Tony Blair promised Labour MPs "a stable and orderly transition" to a new leader when he met them in private.
But a threatened major rebellion failed to materialise, as the Parliamentary Labour Party threw its backing behind the Prime Minister.
Dissidents had threatened to demand Mr Blair's resignation at a meeting between Mr Blair and his MPs.
But in the event, only "five or six" spoke up against the Labour leader, according to one MP. These were shouted down or "groaned down" by colleagues making their disagreement clear, the MP said.
Wolverhampton North East MP Ken Purchase, previously an aide to Robin Cook, one of Mr Blair's critics, said there was no desire for revolution.

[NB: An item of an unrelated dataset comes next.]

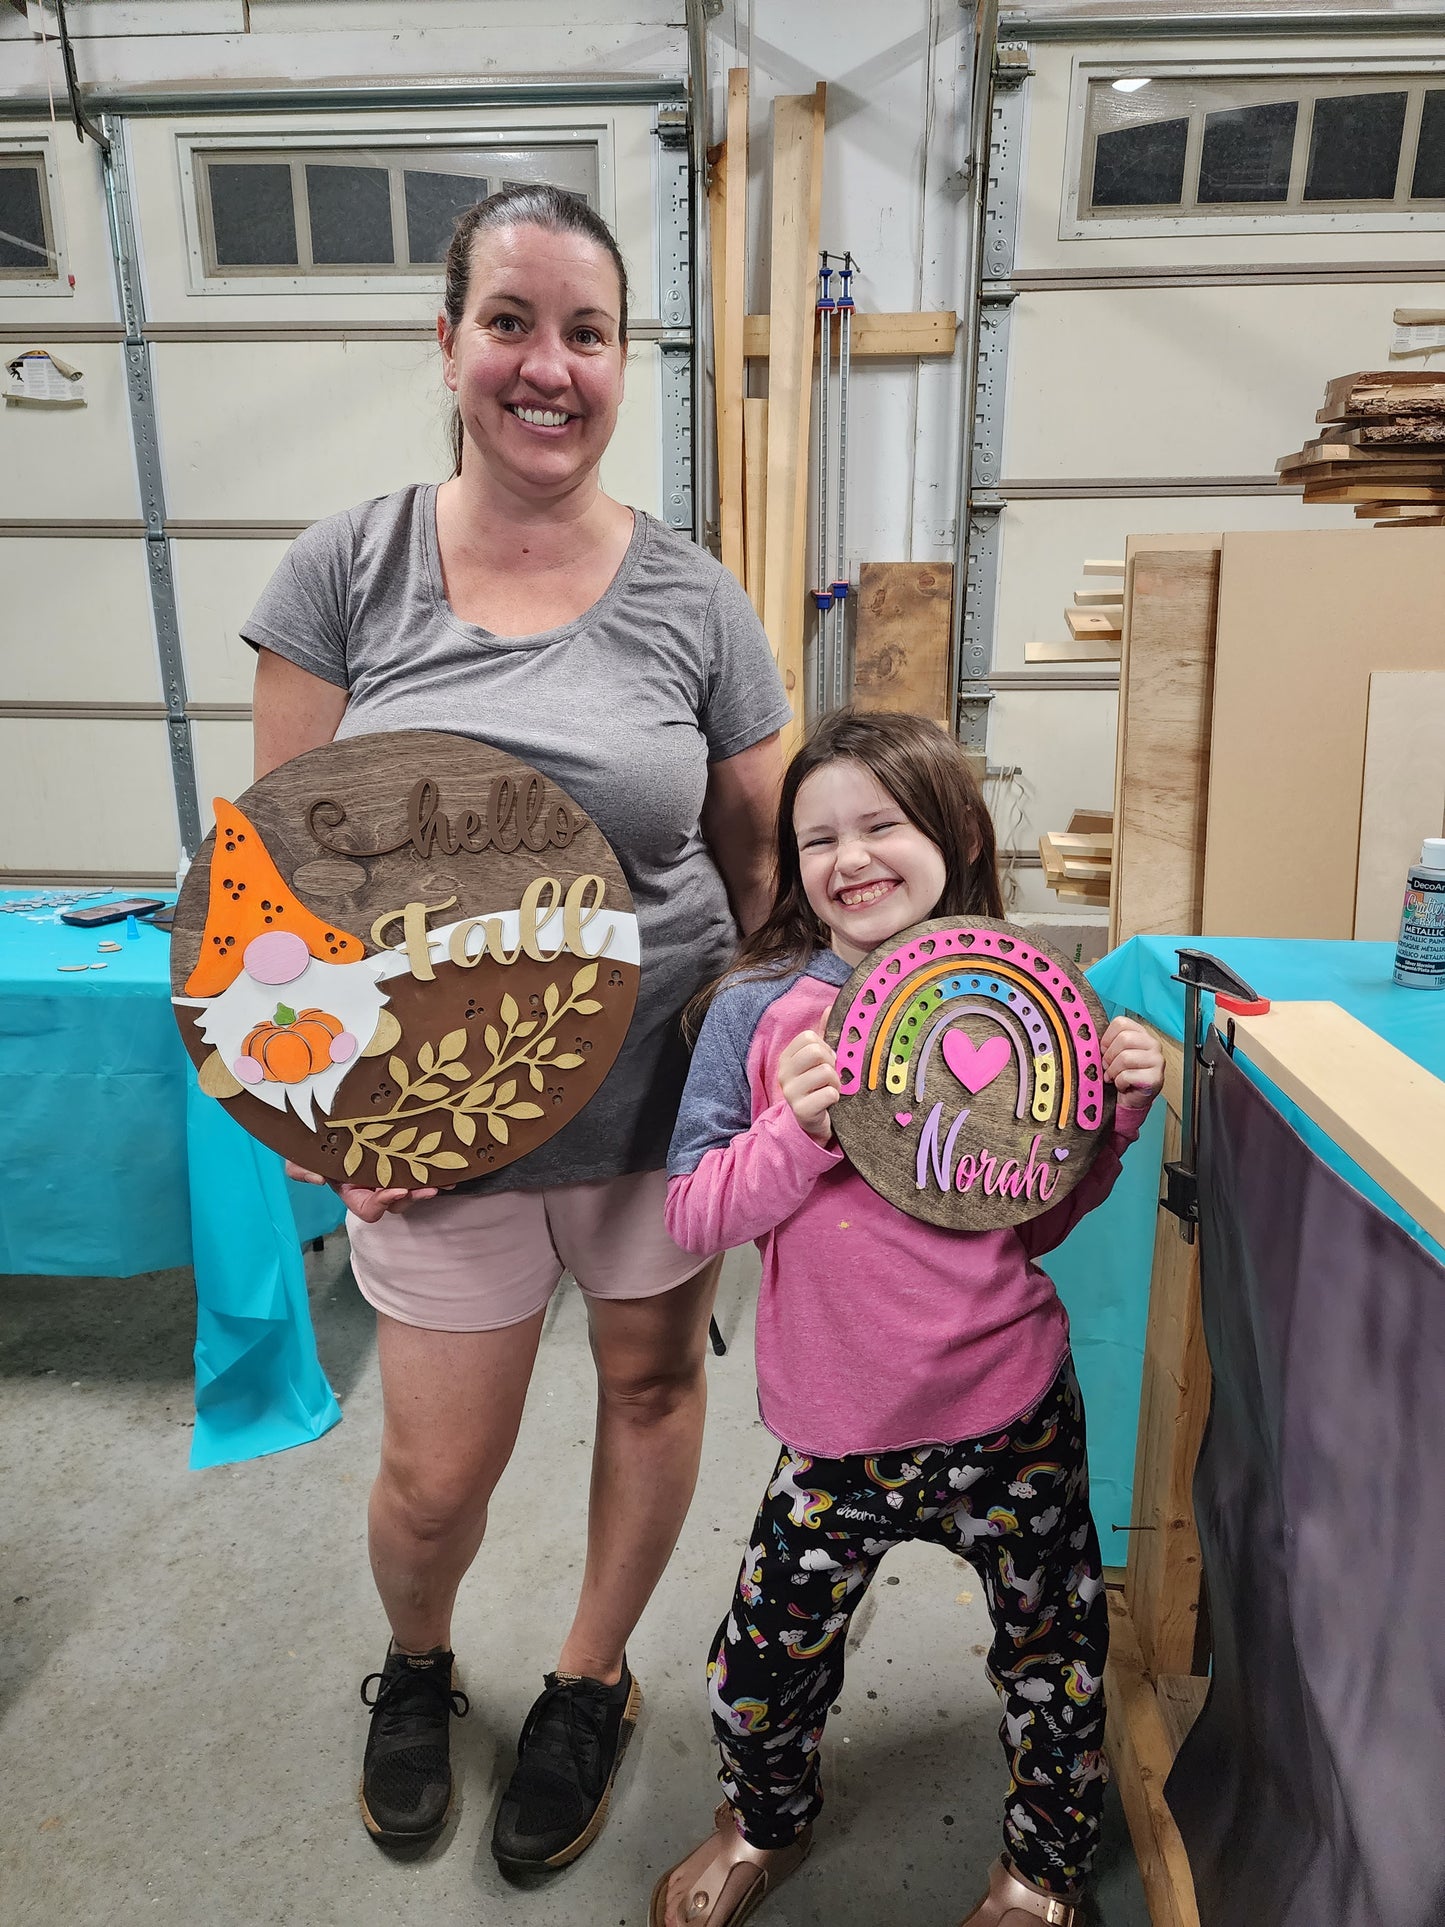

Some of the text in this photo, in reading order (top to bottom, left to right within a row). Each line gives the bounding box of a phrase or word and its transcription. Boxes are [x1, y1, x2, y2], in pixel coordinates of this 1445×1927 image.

He said: "Everyone who appeared to say Tony Blair was less than perfect got shouted down."
Mr Blair told Labour MPs a fourth term in power was within their grasp if they remained united around his centre left agenda.
A Labour Party official said Mr Blair had told MPs "that at the next election there would be a different leadership".

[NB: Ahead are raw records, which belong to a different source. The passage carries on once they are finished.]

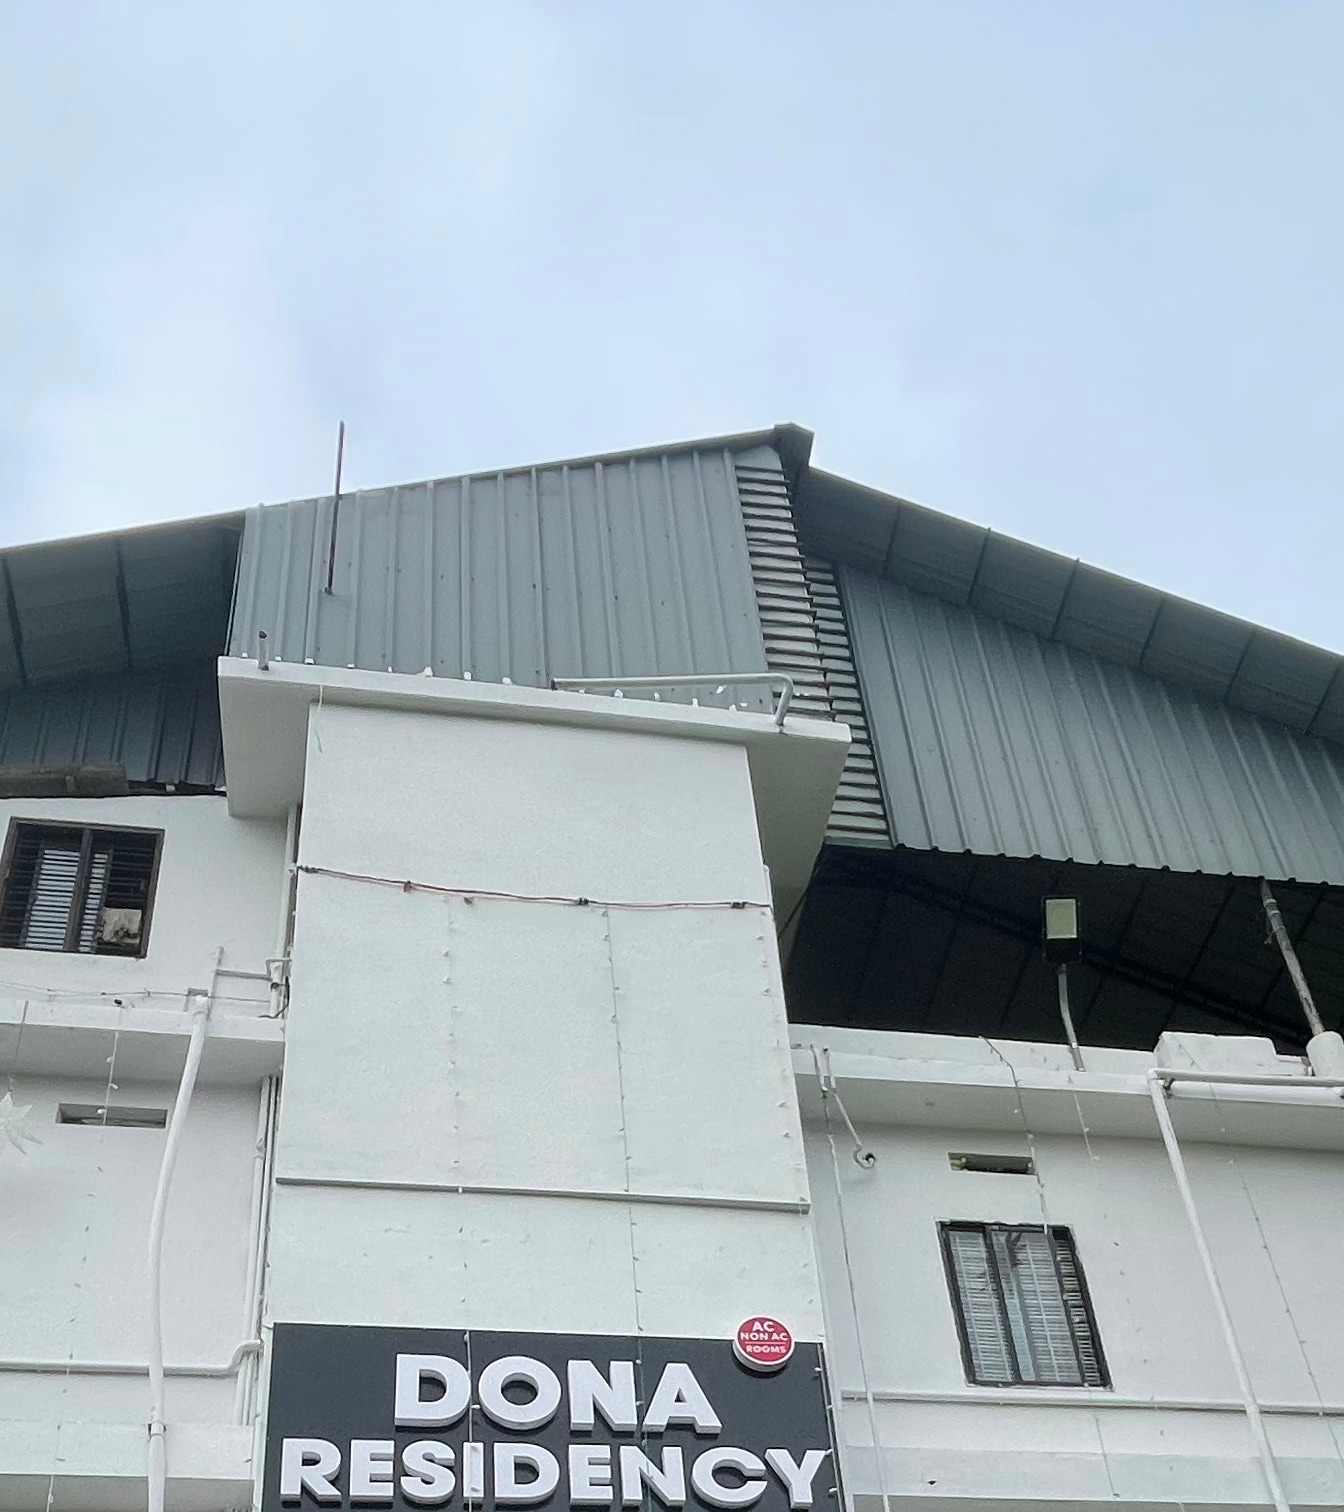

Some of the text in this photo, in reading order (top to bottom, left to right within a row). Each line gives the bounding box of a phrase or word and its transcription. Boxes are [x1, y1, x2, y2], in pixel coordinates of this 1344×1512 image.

[752, 1321, 775, 1332] AC
[740, 1332, 788, 1341] NON AC
[746, 1345, 786, 1353] ROOMS
[394, 1353, 722, 1434] DONA
[280, 1437, 832, 1510] RESIDENCY

Mr Blair told them that he understood the need for "a stable and orderly transition to that leadership, but that people should give him the space to ensure that happens".
The Prime Minister told MPs and peers: "We won from a centre left position and I'm absolutely convinced we have got to stay there."
He added: "Our fourth victory will be under different leadership but we have to remain united until then.
Ministers were delighted at Mr Blair's performance. One emerged to say simply: "Whingers routed!"
Defence Secretary John Reid said: "It was a great meeting."